Business owners and employers from across the region are being urged to review their equality training policies and practices after a landmark judgment found that one company had failed to take ‘reasonable steps’ to prevent the racial harassment of a member of staff.
The ruling in the case of Allay (UK) Ltd v Gehlen found that while the brokerage firm had delivered training on staff equality, it had become stale in the 20 months that followed.
The business had also failed to respond appropriately to claims of harassment from an employee and had therefore failed in its duty under the Equality Act 2010. Allay was ordered to pay compensation in the amount of £5,036.63.
In response to the Judgment, law firm Banner Jones has launched a comprehensive range of Employment Law training packages.
Katie Ash, Head of Employment Law at the firm, said: “In our experience, the vast majority of businesses take their duty under the Equality Act very seriously, and they want to do all that is necessary to prevent the harassment and bullying of staff. Rightly so.
“What’s different in this case, however, is that while Allay (UK) Ltd had policies and training in place, they had failed to ensure that they had regular refresher sessions in place and that they actively followed up with staff to make sure that they were acting in an appropriate way.”
Katie explains that employers can defend claims that they are vicariously liable for the discriminatory actions of their workers where they have taken ‘all reasonable steps’ to prevent them from acting in such a way, and had the employer in this case delivered more regular training they may not have lost the case.
The Employment Tribunal also made some interesting observations on how training should be provided and they said that ‘brief and superficial’ training is unlikely to have a substantial effect in preventing harassment or have long lasting consequences.
By contrast, ‘thoughtful and forcefully presented’ training is more likely to be effective, and last longer.
The Judgment also found that with regards to how regularly training should be refreshed that if it becomes clear that harassment is still occurring and/or that staff didn’t understand the training, the employer needs to take further steps i.e. to improve and refresh the training.
Katie adds: “As the Judgment says, if training involves no more than gathering employees together and saying, ‘here is your harassment training, don’t do it’, before sending everyone back to work, it is unlikely to be effective or long lasting.
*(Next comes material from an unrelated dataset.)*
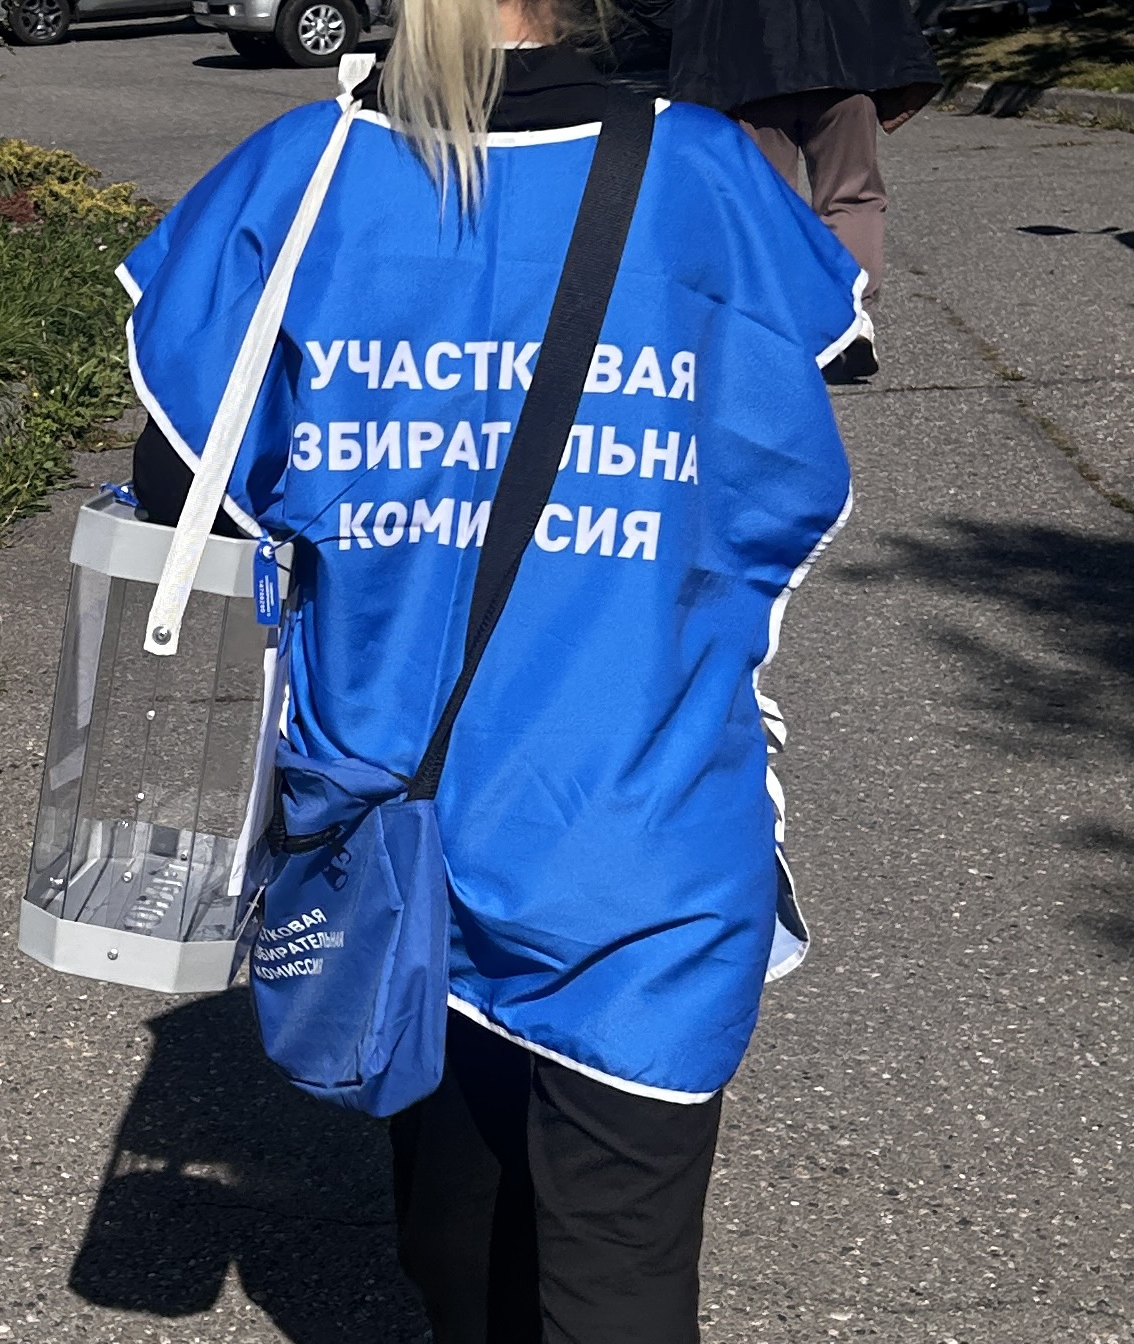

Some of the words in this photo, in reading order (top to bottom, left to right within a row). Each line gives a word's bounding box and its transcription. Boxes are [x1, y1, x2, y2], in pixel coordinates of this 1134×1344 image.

[306, 340, 696, 402] УЧАСТКВАЯ
[287, 421, 698, 485] ЗБИРАТЛЬНА
[338, 497, 662, 561] КОМИСИЯ
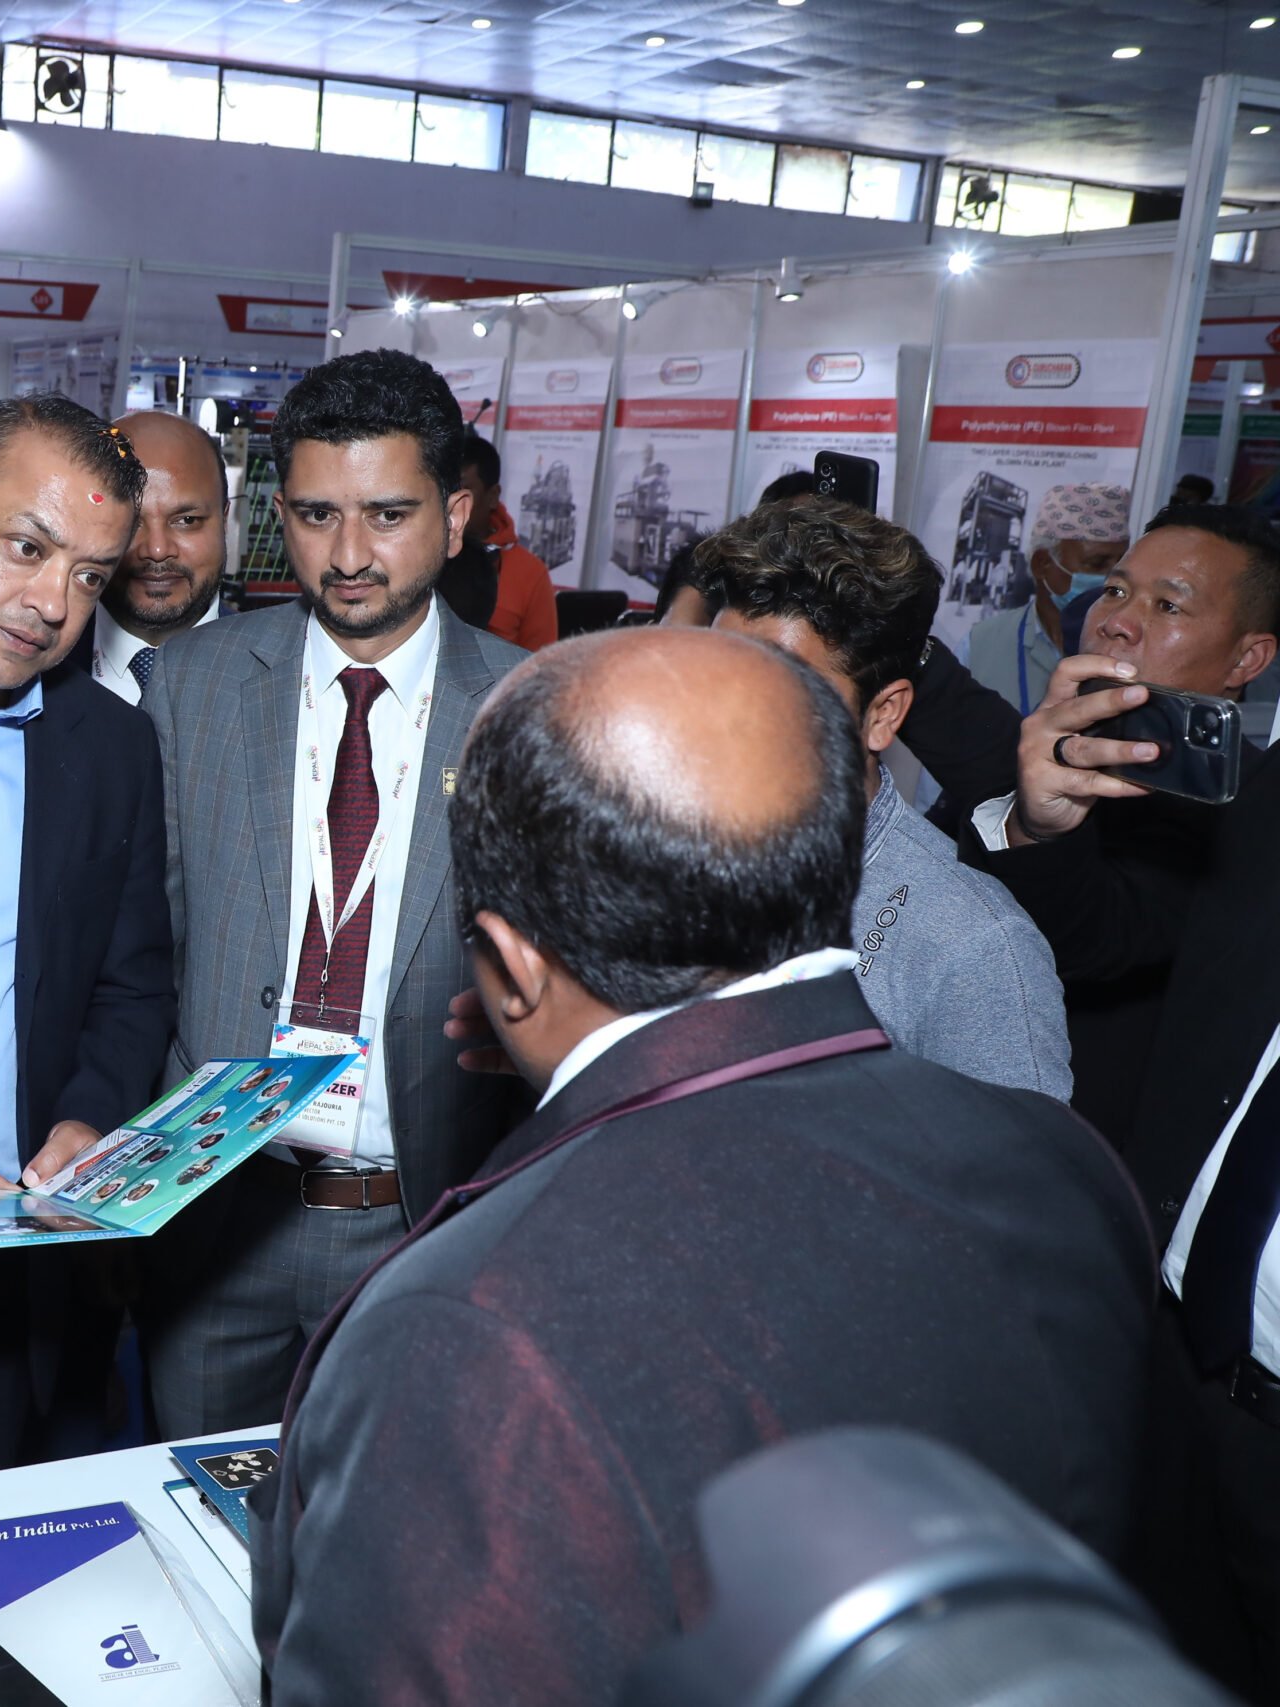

“Instead, the reasonable steps that employers should take include having well-drafted equal opportunities and anti-harassment and bullying policies in place, ensuring that all workers are made aware of those policies and understand them, that appropriate training is given, regularly, and that complaints are dealt with in the right way.
“Where this happens – where the training is regular and of a good standard, and the employer was unaware of the continuing harassment – then the reasonable steps defence might still succeed.
“The fundamental learning point for employers is to make sure that equality policies and training are of a high quality and updated regularly. “
The Judgment has prompted Banner Jones to develop a number of new training packages for clients which covers all of the necessary areas of Employment Law right through the employment lifecycle, from how to deal with recruitment through to how to deal with termination of employment, including redundancies.
Katie added: “Our clients who have already undertaken the training have said how much better it is that their line managers are able to deal with situations and that just giving them enough knowledge to deal with situations lawfully has been a real benefit to their business.”